|Centi, Amanda - Jean Mayer Human Nutrition Research Center On Aging At Tufts University|
|Shea, Kyla - Jean Mayer Human Nutrition Research Center On Aging At Tufts University|
|Gundberg, Caren - Yale University|
|Saltzman, Edward - Jean Mayer Human Nutrition Research Center On Aging At Tufts University|
|Booth, Sarah - Jean Mayer Human Nutrition Research Center On Aging At Tufts University|
Submitted to: Journal of Federation of American Societies for Experimental Biology
Publication Type: Abstract Only
Publication Acceptance Date: 2/6/2015
Publication Date: 4/1/2015
Citation: Centi, A., Shea, K., Gundberg, C., Saltzman, E., Booth, S.L. 2015. Decreases in circulating uncarboxylated osteocalcin are not associated with HOMA-IR changes in humans. Journal of Federation of American Societies for Experimental Biology. 29(2):758.10.
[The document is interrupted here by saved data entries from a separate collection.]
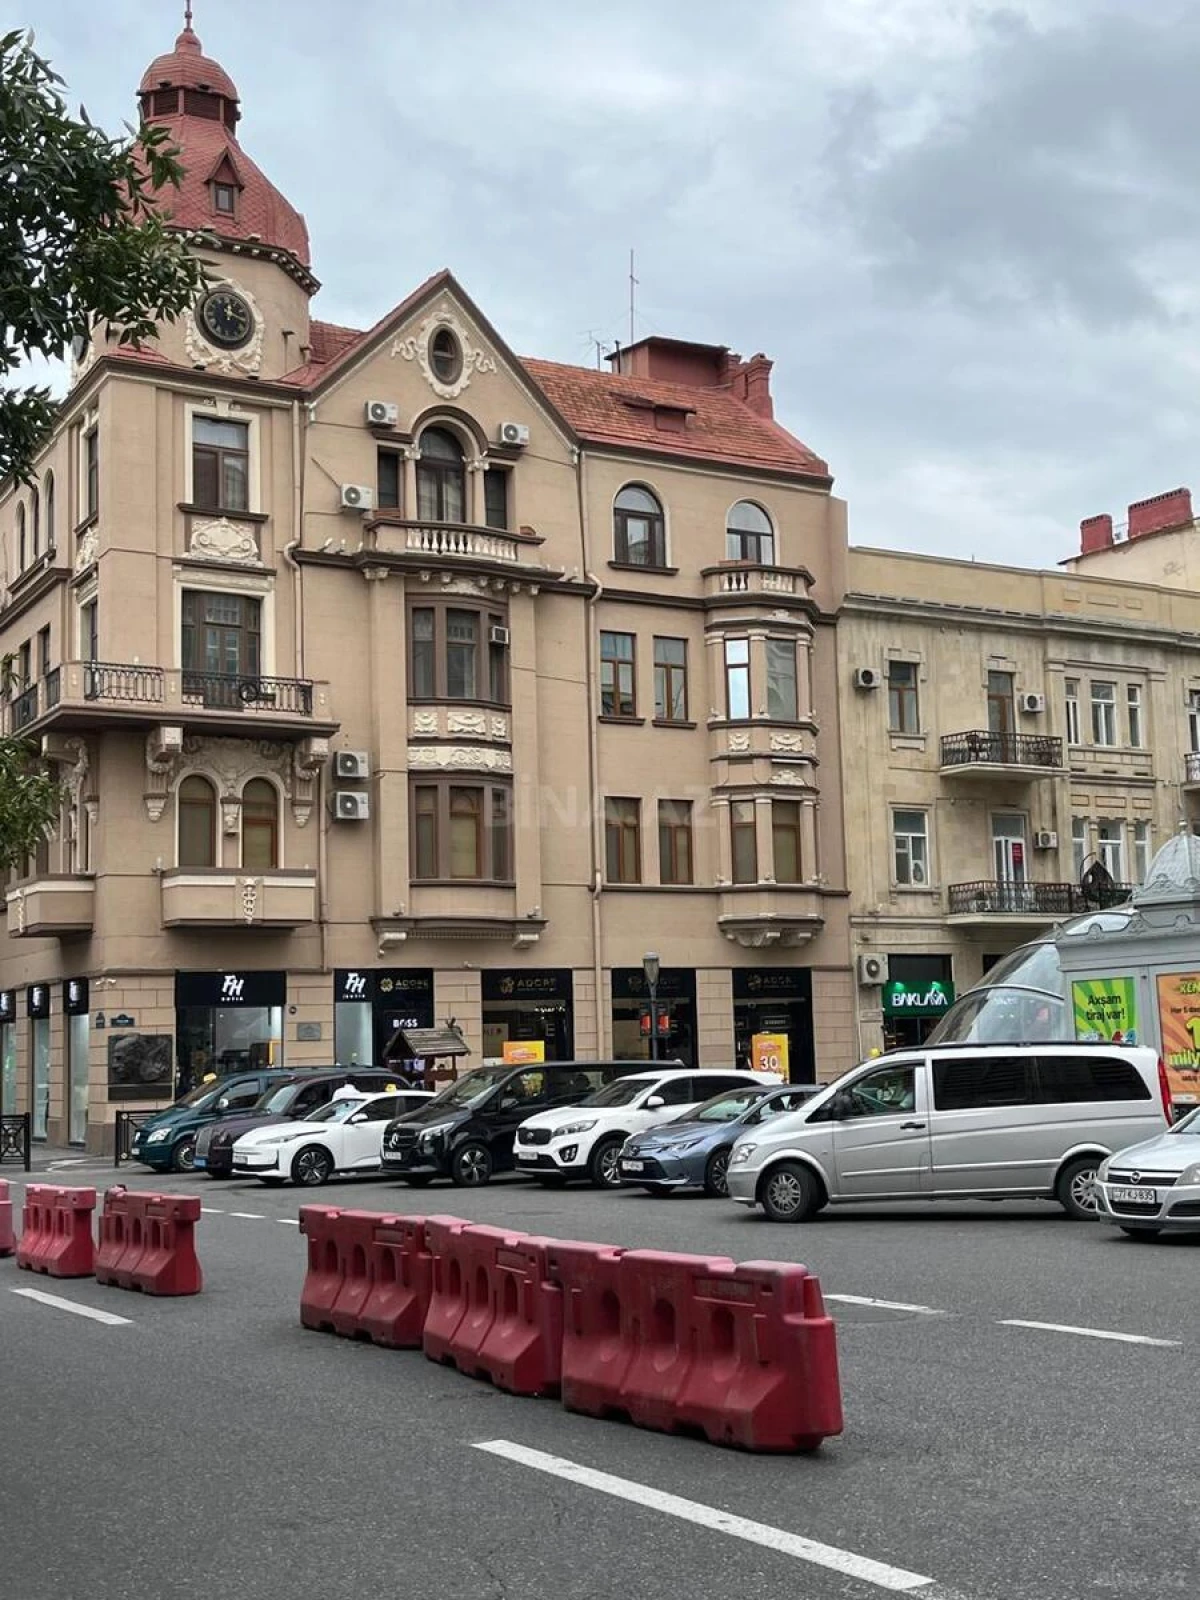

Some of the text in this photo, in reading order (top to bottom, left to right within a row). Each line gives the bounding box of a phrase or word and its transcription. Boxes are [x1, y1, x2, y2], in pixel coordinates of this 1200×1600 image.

[1087, 994, 1122, 1006] Axşam
[1086, 1008, 1125, 1023] tiraj var!
[759, 1055, 779, 1070] 30
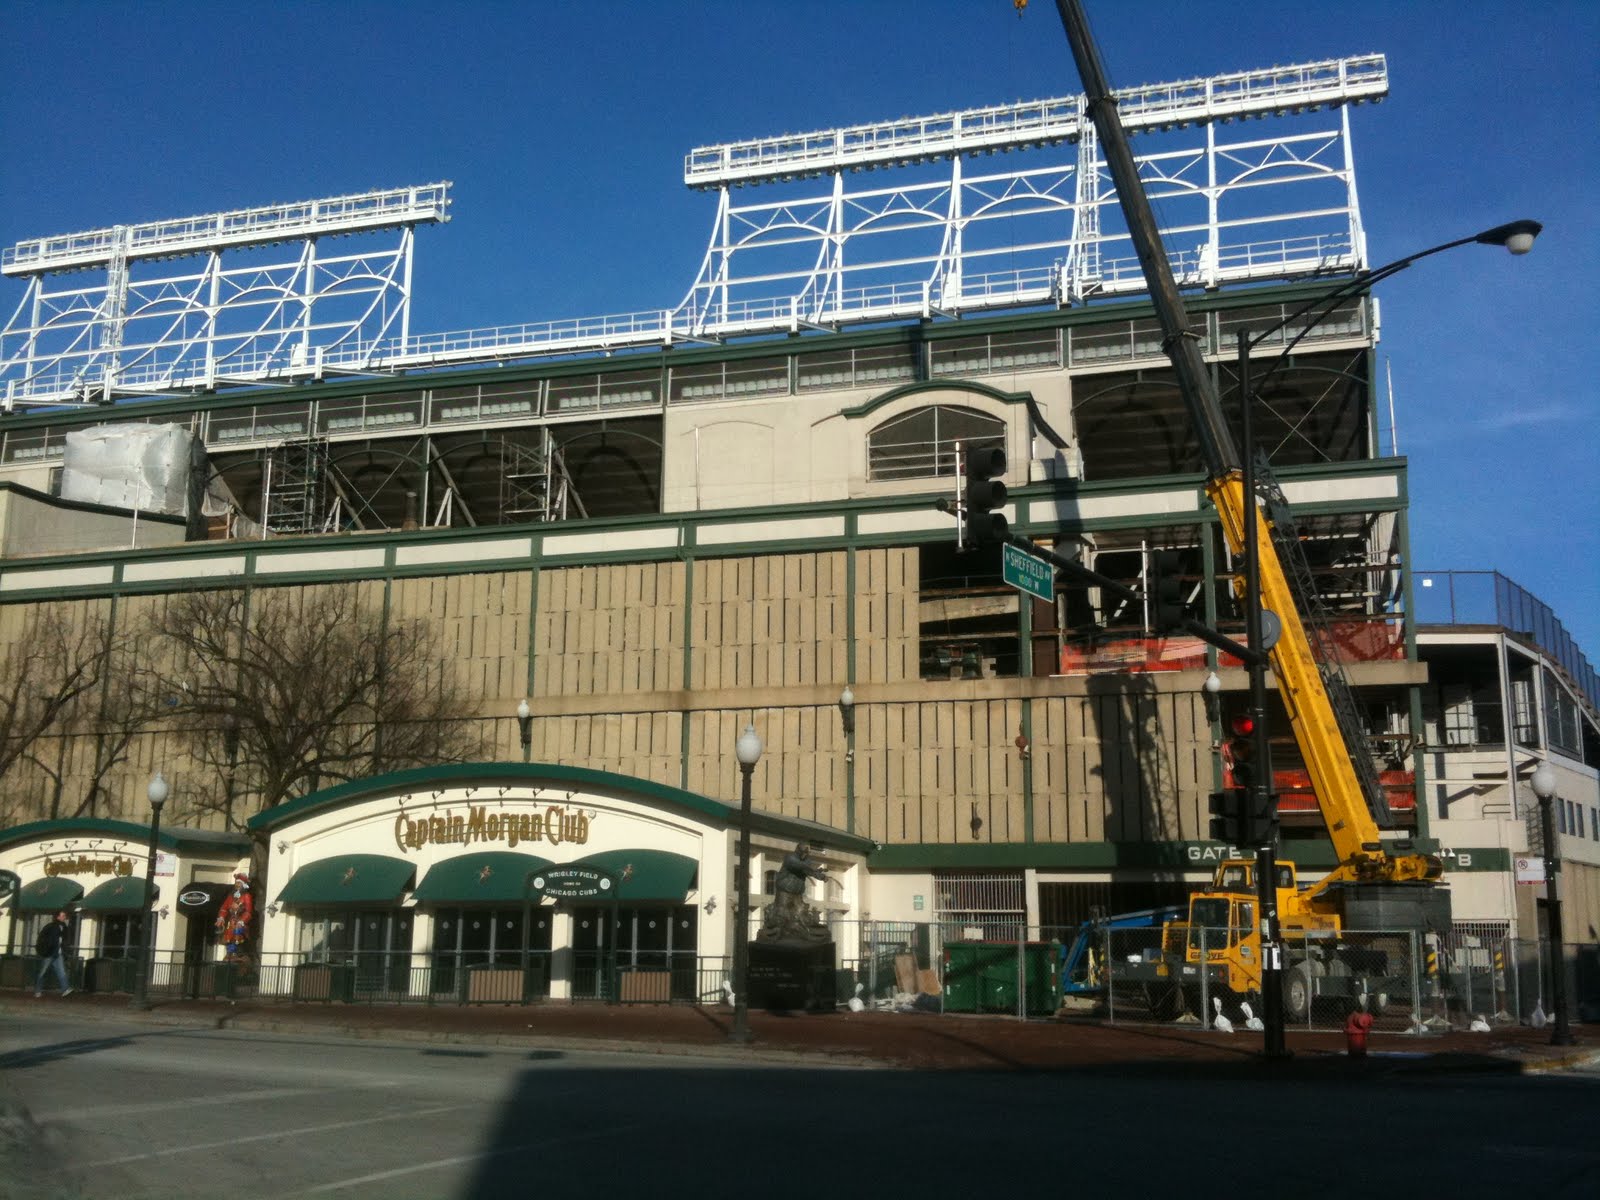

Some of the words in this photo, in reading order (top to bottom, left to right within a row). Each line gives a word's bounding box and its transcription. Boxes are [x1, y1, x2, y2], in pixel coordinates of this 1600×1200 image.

[1011, 552, 1044, 580] SHEFFIELD
[395, 809, 464, 853] Captain
[464, 806, 543, 848] Morgan
[545, 805, 589, 846] Club
[1187, 846, 1243, 860] GATE
[548, 871, 578, 879] WRIGLEY
[579, 871, 599, 880] FIELD
[546, 888, 577, 896] CHICAGO
[579, 888, 598, 896] CUBS
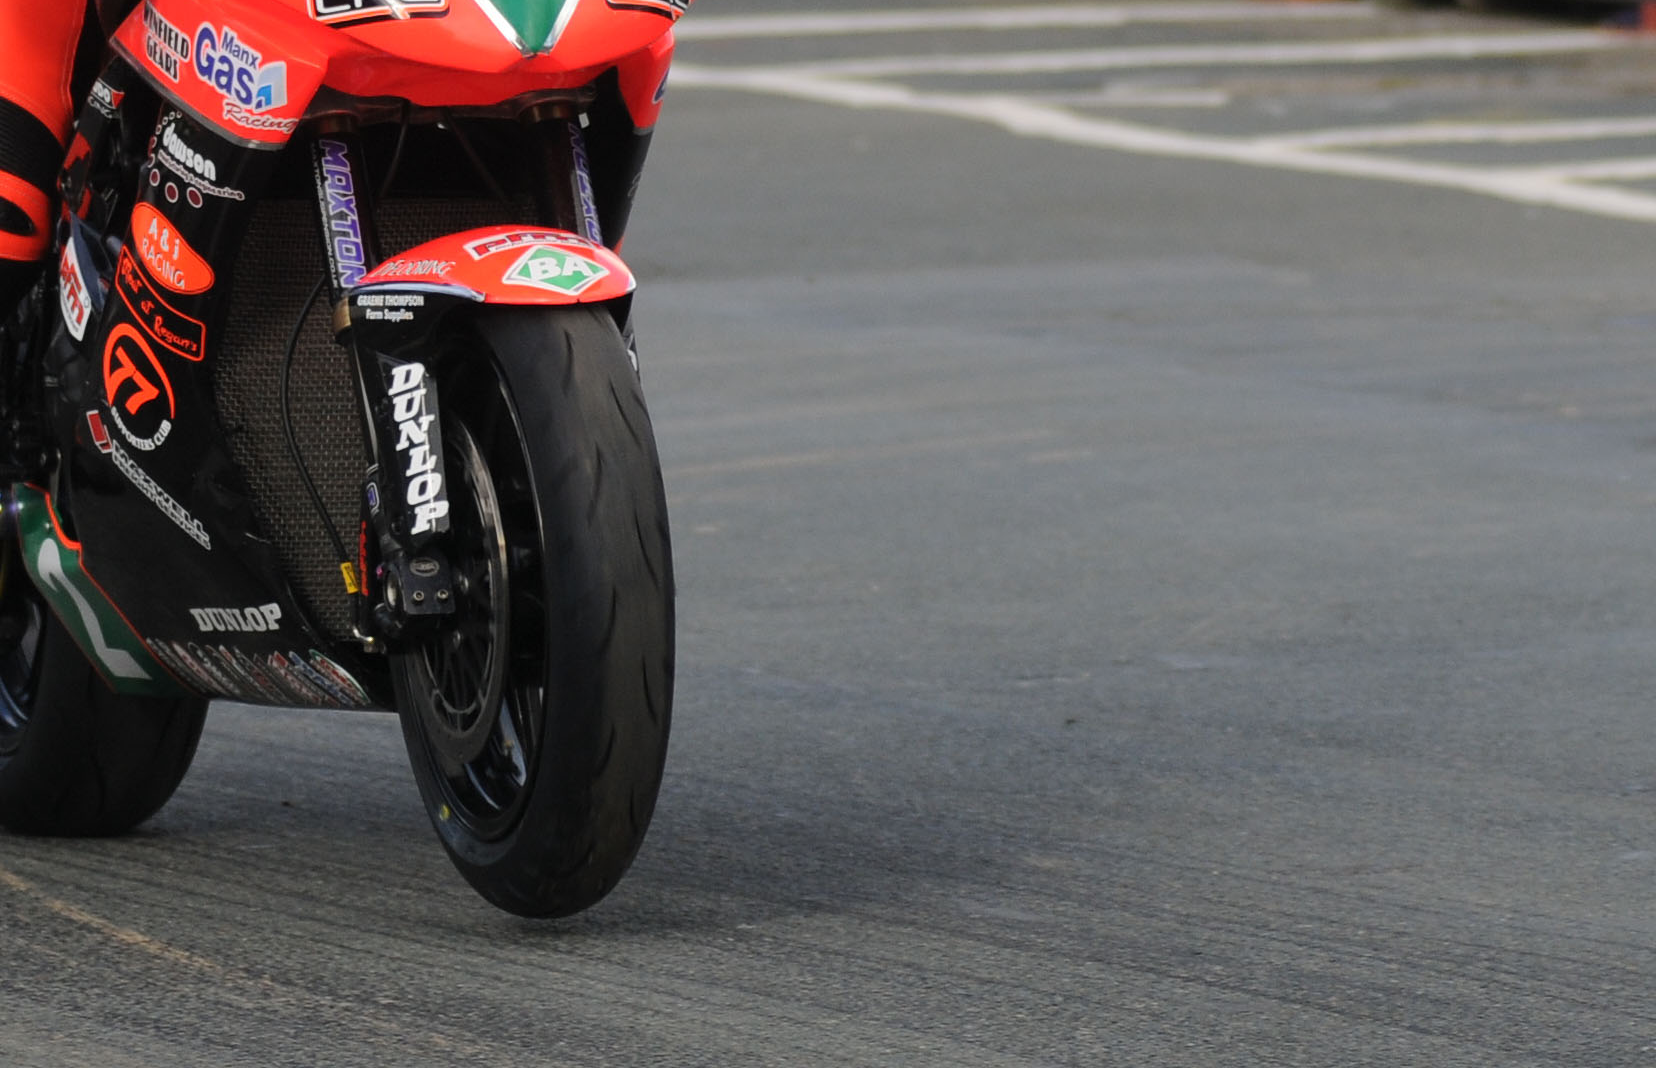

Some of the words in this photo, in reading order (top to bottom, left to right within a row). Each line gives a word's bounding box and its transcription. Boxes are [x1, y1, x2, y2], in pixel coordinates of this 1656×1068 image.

[146, 35, 178, 82] GEARS
[196, 26, 254, 106] Gas
[222, 30, 259, 69] Manx
[224, 101, 297, 133] Racing
[162, 123, 216, 181] dawson
[320, 139, 367, 288] MAXTON
[148, 217, 158, 240] A
[160, 228, 170, 251] &
[143, 238, 185, 289] RACING
[528, 257, 594, 283] BA
[384, 308, 413, 322] Supplies
[385, 295, 424, 306] THOMPSON
[154, 419, 172, 446] CLUB
[388, 362, 450, 535] DUNLOP
[190, 602, 282, 632] DUNLOP
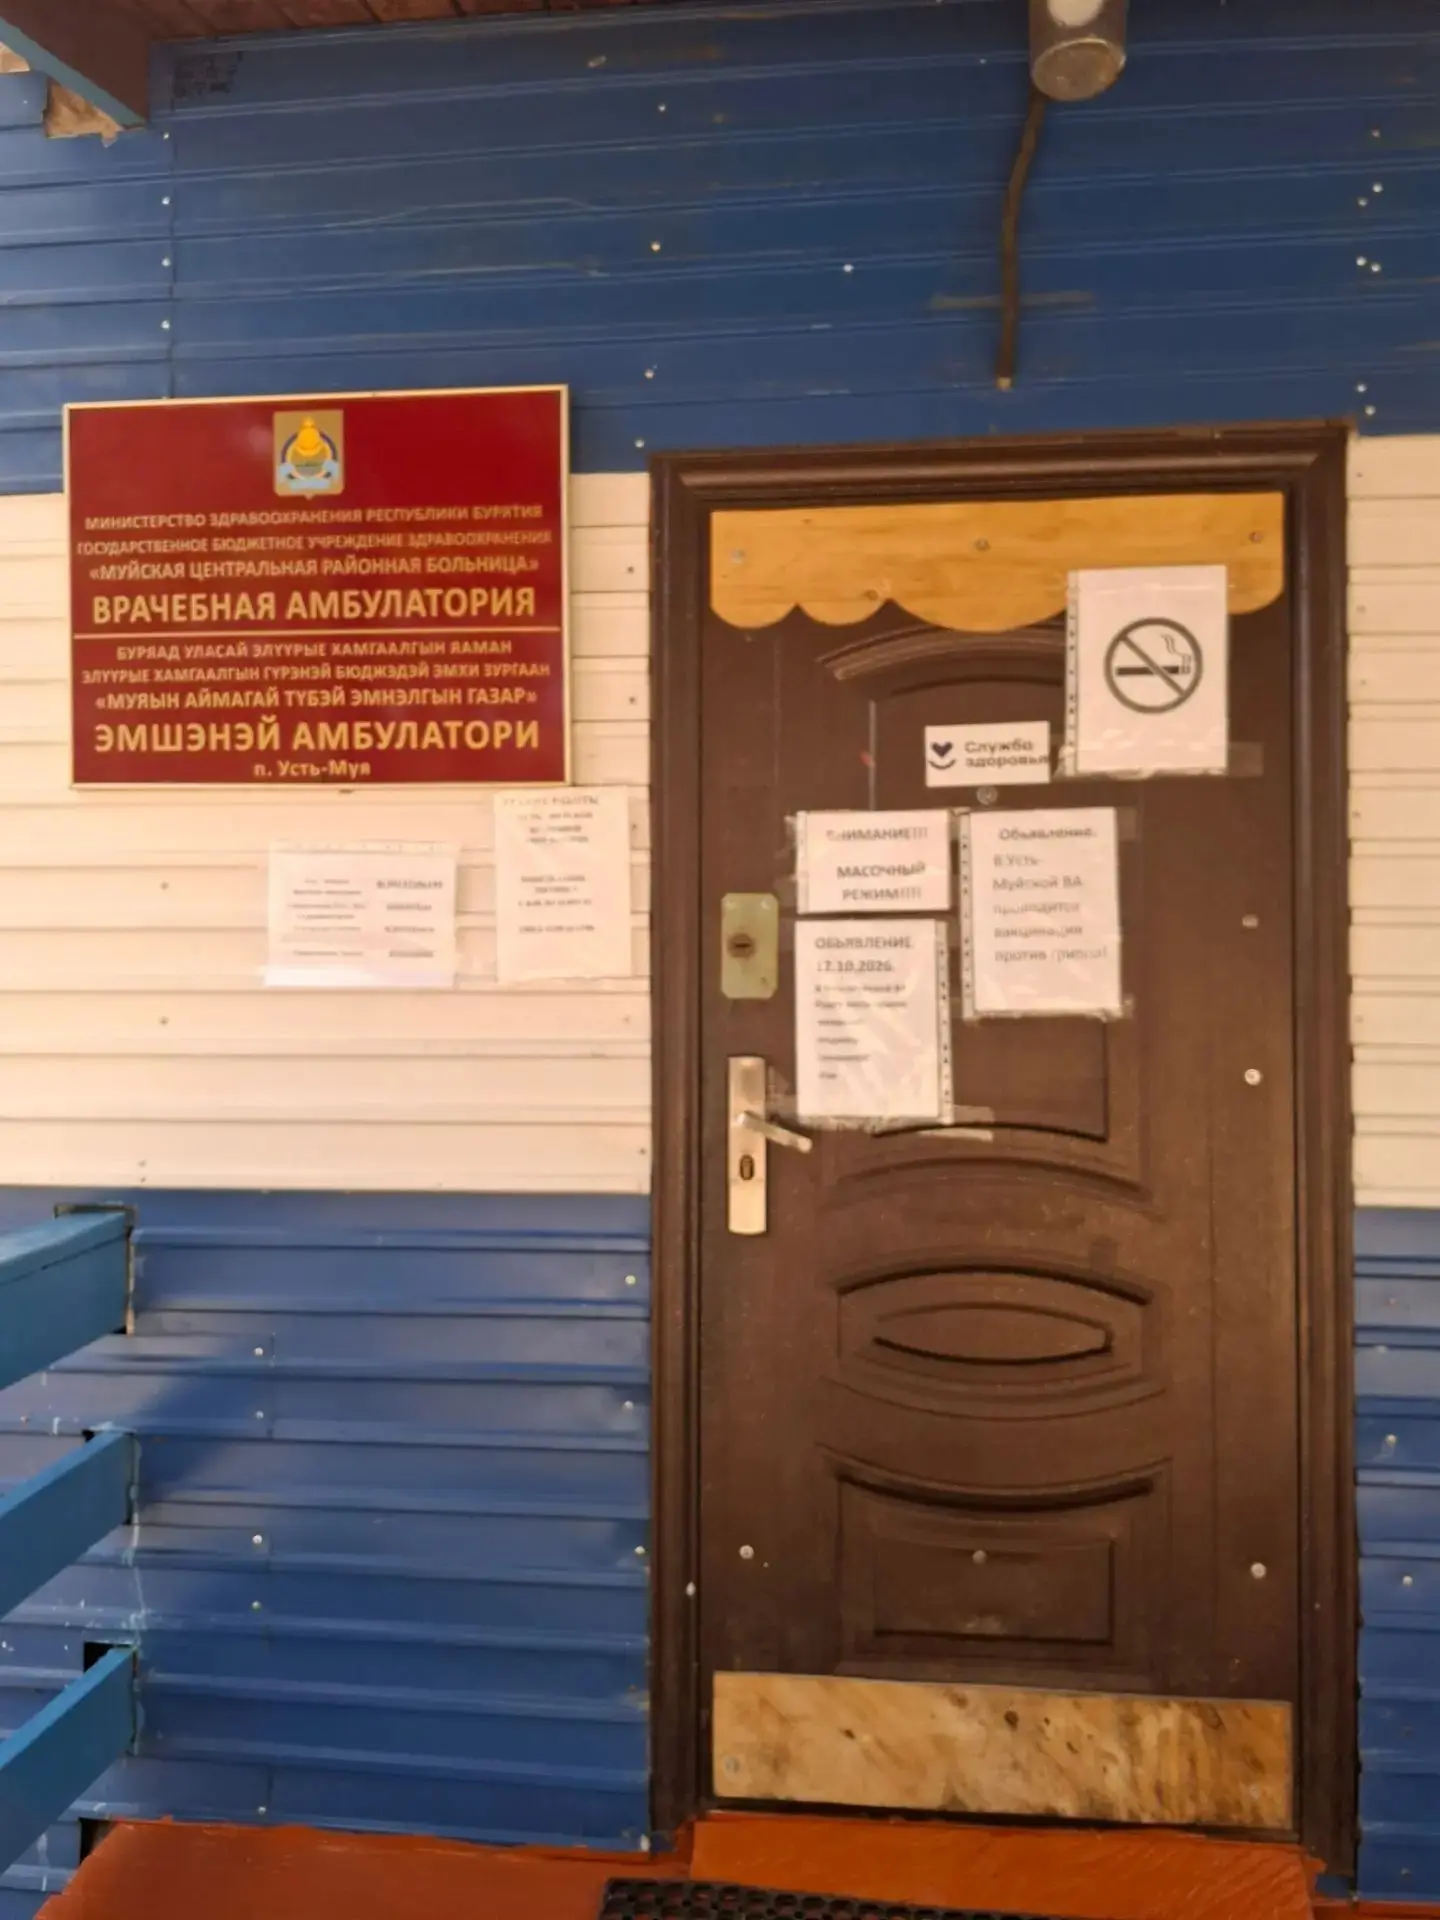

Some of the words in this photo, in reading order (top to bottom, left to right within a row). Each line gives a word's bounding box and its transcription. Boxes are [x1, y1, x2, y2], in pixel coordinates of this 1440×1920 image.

[85, 512, 206, 530] МИНИСТЕРСТВО
[209, 508, 362, 527] ЗДРАВООХРАНЕНИЯ
[366, 505, 469, 522] РЕСПУБЛИКИ
[472, 504, 543, 520] БУРЯТИЯ
[77, 537, 208, 556] ГОСУДАРСТВЕННОЕ
[212, 535, 304, 552] БЮДЖЕТНОЕ
[308, 533, 403, 551] УЧРЕЖДЕНИЕ
[409, 530, 552, 549] ЗДРАВООХРАНЕНИЯ
[89, 559, 185, 580] «МУЙСКАЯ
[189, 559, 318, 581] ЦЕНТРАЛЬНАЯ
[322, 554, 421, 575] РАЙОННАЯ
[426, 555, 539, 575] БОЛЬНИЦА»
[93, 592, 276, 624] ВРАЧЕБНАЯ
[286, 586, 535, 620] АМБУЛАТОРИЯ
[116, 645, 180, 661] БУРЯАД
[184, 641, 248, 659] УЛАСАЙ
[331, 641, 445, 656] ХАМГААЛГЫН
[451, 640, 512, 655] ЯАМАН
[154, 666, 259, 683] ХАМГААЛГЫН
[336, 662, 429, 682] БЮДЖЭДЭЙ
[433, 663, 479, 679] ЭМХИ
[95, 692, 179, 710] «МУЯЫН
[185, 686, 279, 709] АЙМАГАЙ
[351, 688, 462, 706] ЭМНЭЛГЫН
[467, 687, 537, 705] ГАЗАР»
[94, 714, 280, 752] ЭМШЭНЭЙ
[292, 720, 539, 750] АМБУЛАТОРИ
[965, 738, 1033, 754] Служба
[254, 762, 272, 777] п.
[278, 759, 371, 778] Усть-Муя
[966, 755, 1049, 768] здоровья
[837, 861, 926, 880] МАСОЧНЫЙ
Technical Abstract: Osteocalcin (OC) in its uncarboxylated form (ucOC) may improve glucose metabolism in mice. However, human data are equivocal. Vitamin K (VK) is the only known factor to reduce the proportion of circulating OC that is uncarboxylated. We hypothesized that a decrease in circulating ucOC through VK supplementation would increase insulin resistance (IR) measures in humans. Serum was collected from weight-stable older and younger men and women (n=42) before and after 28d of VK supplementation (500 micrograms phylloquinone/d). All meals and beverages were provided to control for other nutrients. The primary outcome was defined as IR change as assessed by the homeostatic model (HOMA-IR). Total OC (tOC), ucOC and insulin were measured by radioimmuno assay. Glucose was measured by an enzymatic kinetic method. Measured covariates included triglycerides, BMI, age group and sex. A repeated measures ANOVA was used to determine if decreases in ucOC increased HOMA-IR. In response to VK supplementation, significant decreases in circulating ucOC (pre = 4.79 +/- 2.61 ng/mL post = 1.59 +/- 2.11 ng/mL, p<0.001) and tOC (pre = 9.19 +/- 4.05 ng/mL post = 8.48 +/- 3.86 ng/mL, p=0.015) were observed. However, there were no significant changes in HOMA-IR (pre = 2.20 +/- 0.98 post = 2.25 +/- 1.12, p=0.78). Further, no differences in HOMA-IR were observed between sexes (p=0.39) or age groups (p=0.20) in relation to decreases in circulating ucOC or tOC. The lack of association between changes in circulating ucOC and HOMA-IR suggests that in humans, ucOC does not have a role in IR.